The son of a tanner, Grant showed little enthusiasm for joining his father’s business, so the elder Grant enrolled his son at West Point in 1839. It was in the process of joining West Point that his name was changed by accident, and he never bothered to correct it. Though Grant later admitted in his memoirs he had no interest in the military apart from honing his equestrian skills, he graduated in 1843 and went on to serve in the Mexican-American War, though he opposed it on moral grounds. He then left his beloved wife and children again to fulfill a tour of duty in California and Oregon. The loneliness and sheer boredom of duty in the West drove Grant to binge drinking. By 1854, Grant’s alcohol consumption so alarmed his superiors that he was asked to resign from the army. He did, and returned to Ohio to try his hand at farming and land speculation. Although he kicked the alcohol habit, he failed miserably at both vocations and was forced to take a job as a clerk in his father’s tanning business.
If it were not for the Civil War, Grant might have slipped quickly into obscurity.
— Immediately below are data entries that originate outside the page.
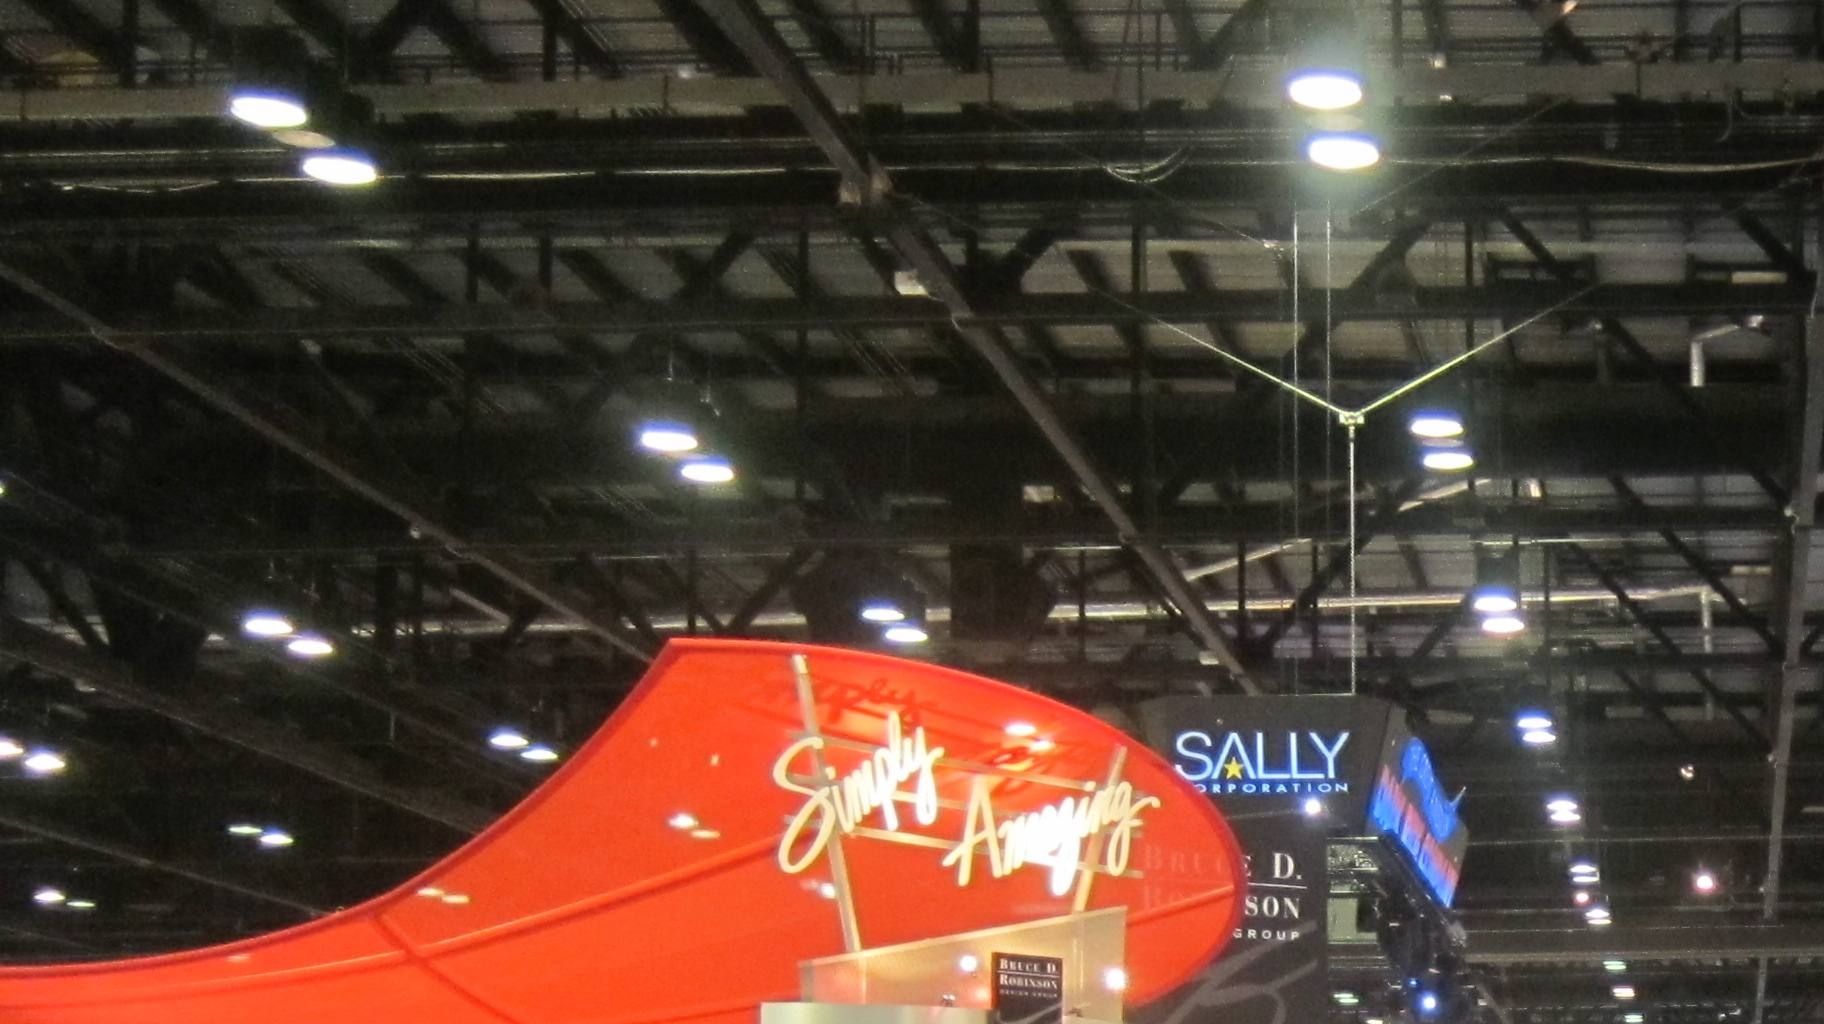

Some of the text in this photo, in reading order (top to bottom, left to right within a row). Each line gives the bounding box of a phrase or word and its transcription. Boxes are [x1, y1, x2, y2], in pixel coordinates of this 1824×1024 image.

[1175, 731, 1350, 781] SALLY
[1193, 782, 1349, 793] ORPORATION
[772, 709, 1161, 896] Simply Amazing
[1232, 928, 1300, 941] GROUP
[1000, 973, 1058, 989] ROBINSON
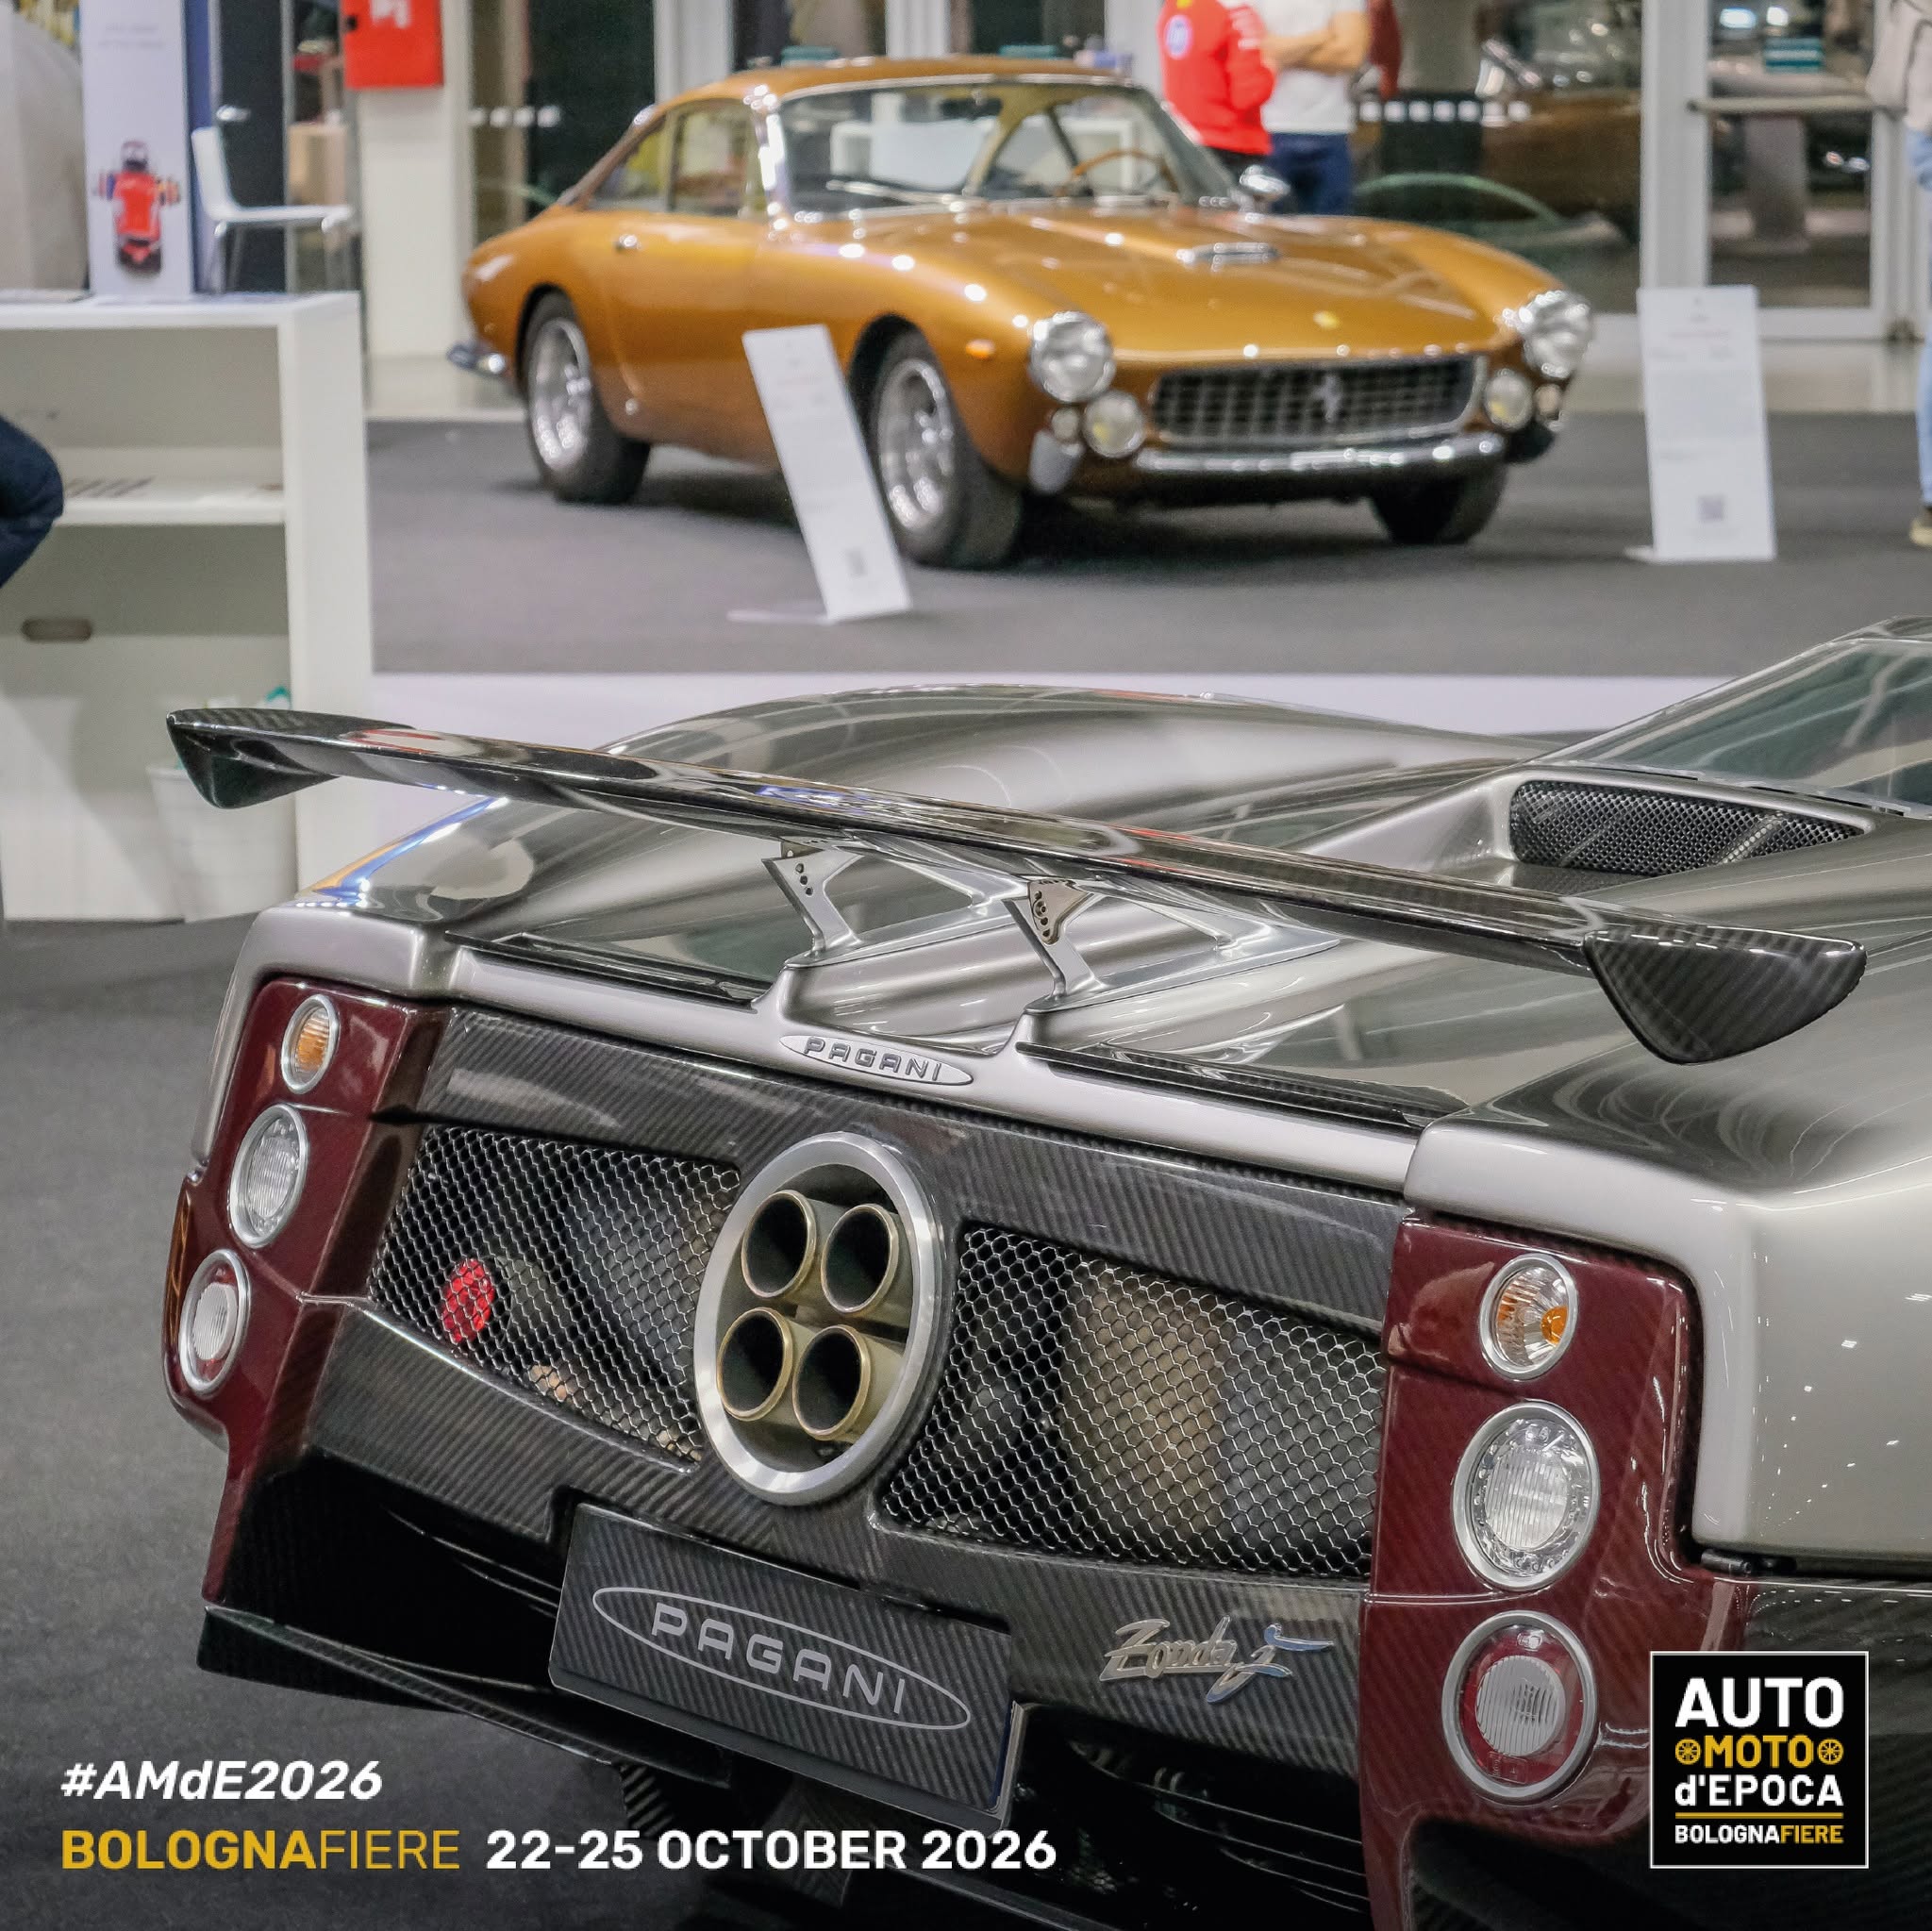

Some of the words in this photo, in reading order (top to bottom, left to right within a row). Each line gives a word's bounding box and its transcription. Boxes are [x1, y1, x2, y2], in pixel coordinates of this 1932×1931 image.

[804, 1037, 941, 1081] PAGANI
[651, 1602, 906, 1714] PAGANI
[1100, 1615, 1238, 1681] Zonda
Instead, at the encouragement of one of his friends, a hot tempered red-haired fighter named William Tecumseh Sherman, he re-en-listed in the
army in 1861 and embarked on a stellar military career, although his tendency to binge-drink re-emerged and he developed another unhealthy habit: chain cigar-smoking. He struggled throughout the Civil War to control the addictions. In 1862, he led troops in the captures of Forts Henry and Donelson in Tennessee, and forced the Confederate Army to retreat back into Mississippi after the Battle of Shiloh. (After the Donelson campaign, Grant received over 10,000 boxes of congratulatory cigars from a grateful citizenry.)
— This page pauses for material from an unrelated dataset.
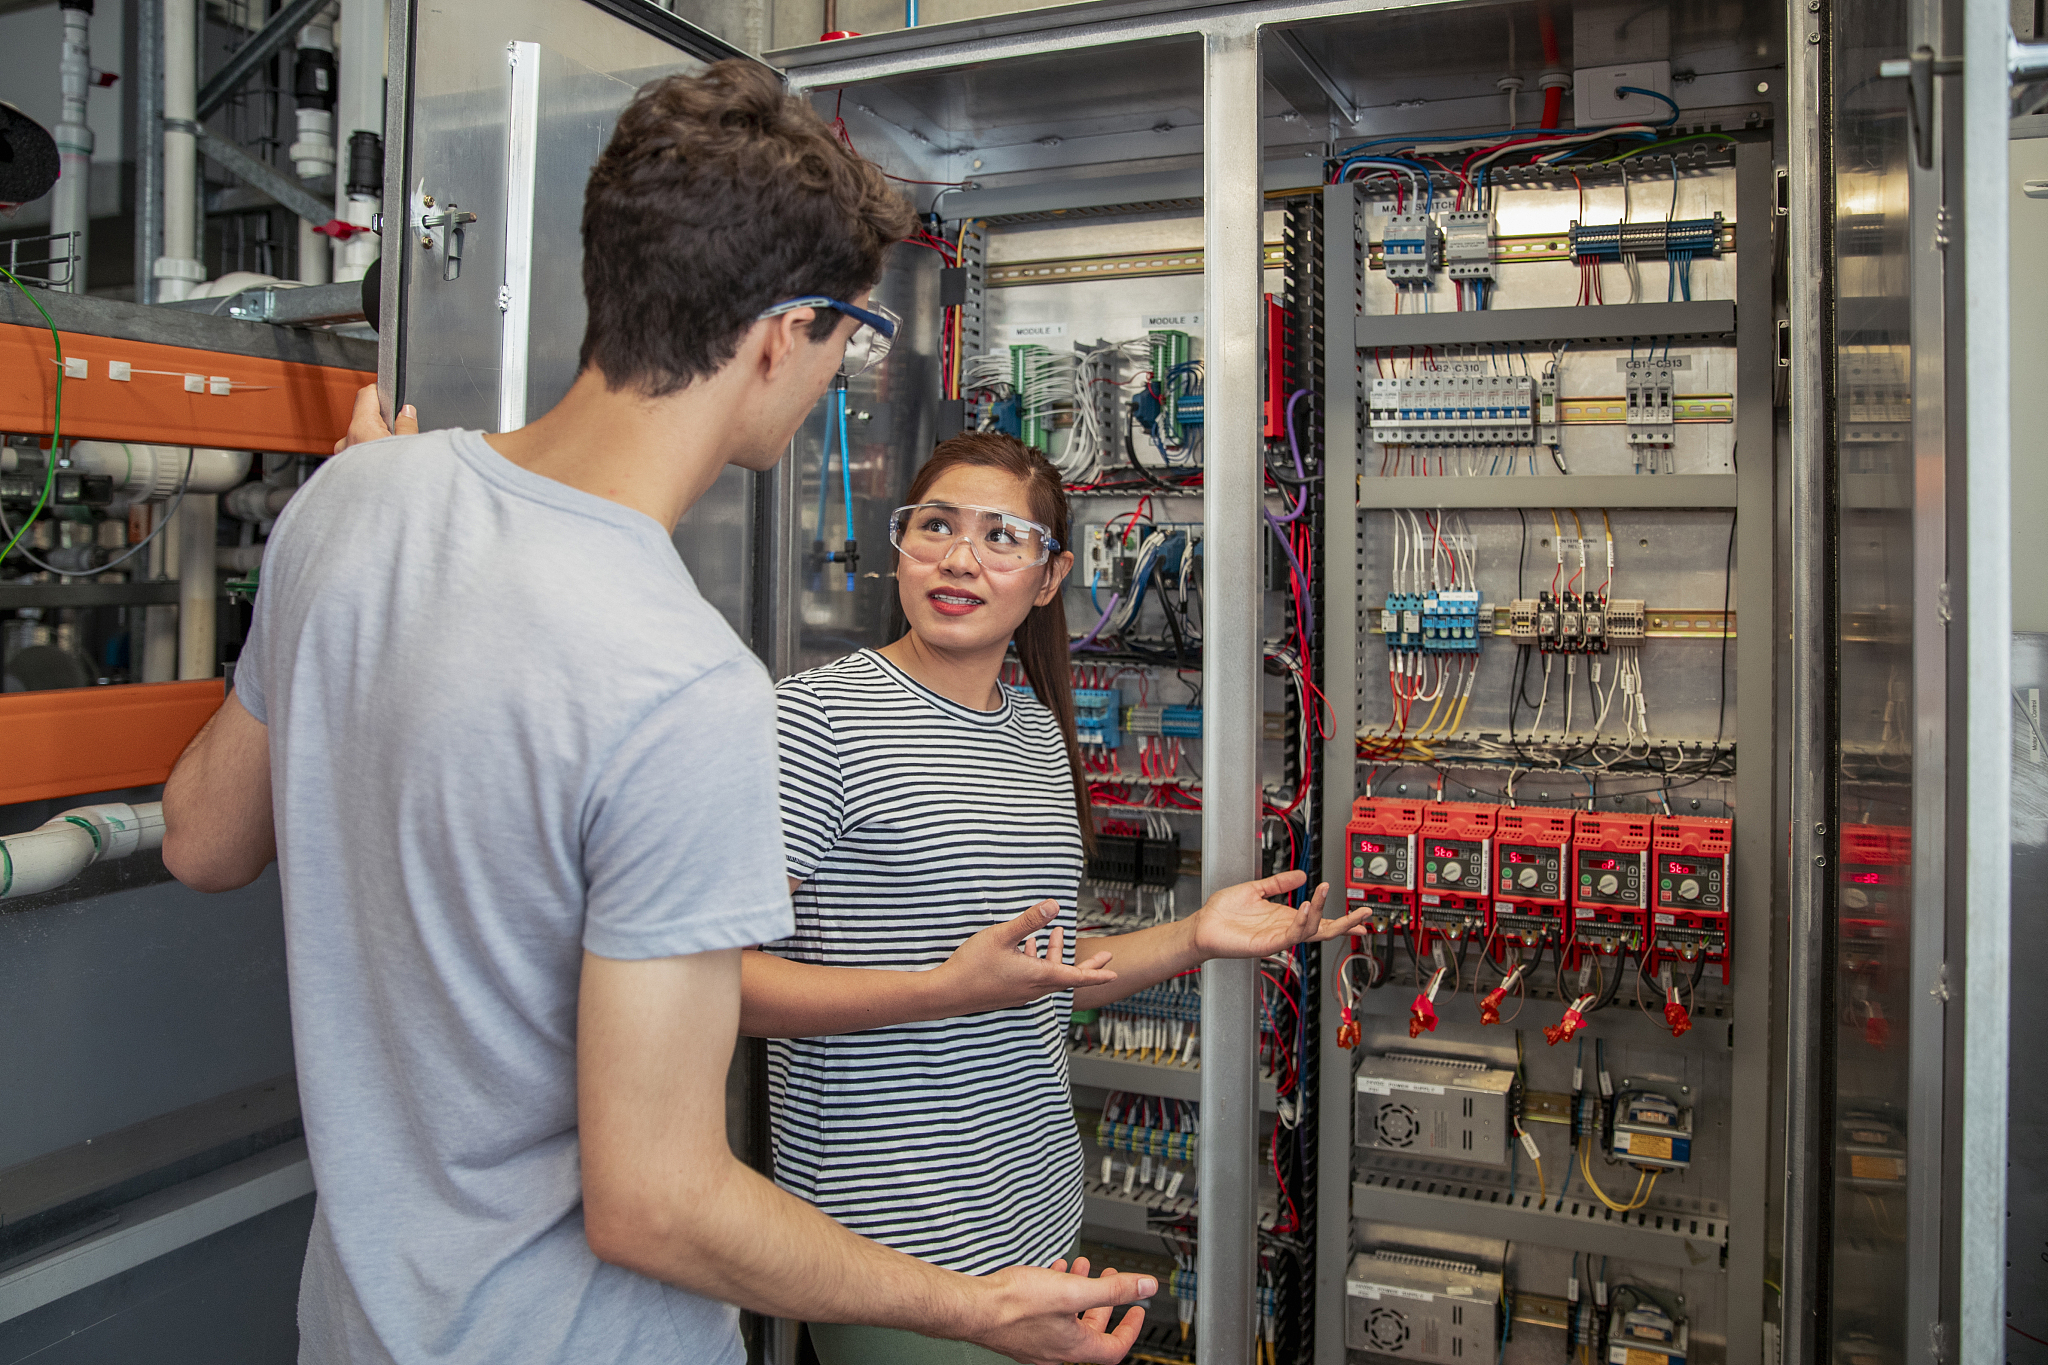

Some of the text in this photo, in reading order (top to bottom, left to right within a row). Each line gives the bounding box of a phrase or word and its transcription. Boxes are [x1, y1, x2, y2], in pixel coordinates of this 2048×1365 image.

[1381, 204, 1407, 213] MAN
[1149, 315, 1199, 325] MODULE 2
[1016, 326, 1062, 336] MODULE 1
In 1863, after leading a Union Army to victory at Vicksburg, Grant caught President Lincoln’s attention. The Union Army had suffered under the service of a series of incompetent generals and Lincoln was in the market for a new Union supreme commander. In March 1864, Lincoln revived the rank of lieutenant general—a rank that had previously been held only by George Washington in 1798–and gave it to Grant. As supreme commander of Union forces, Grant led a series of epic and bloody battles against the wily Confederate General Robert E. Lee.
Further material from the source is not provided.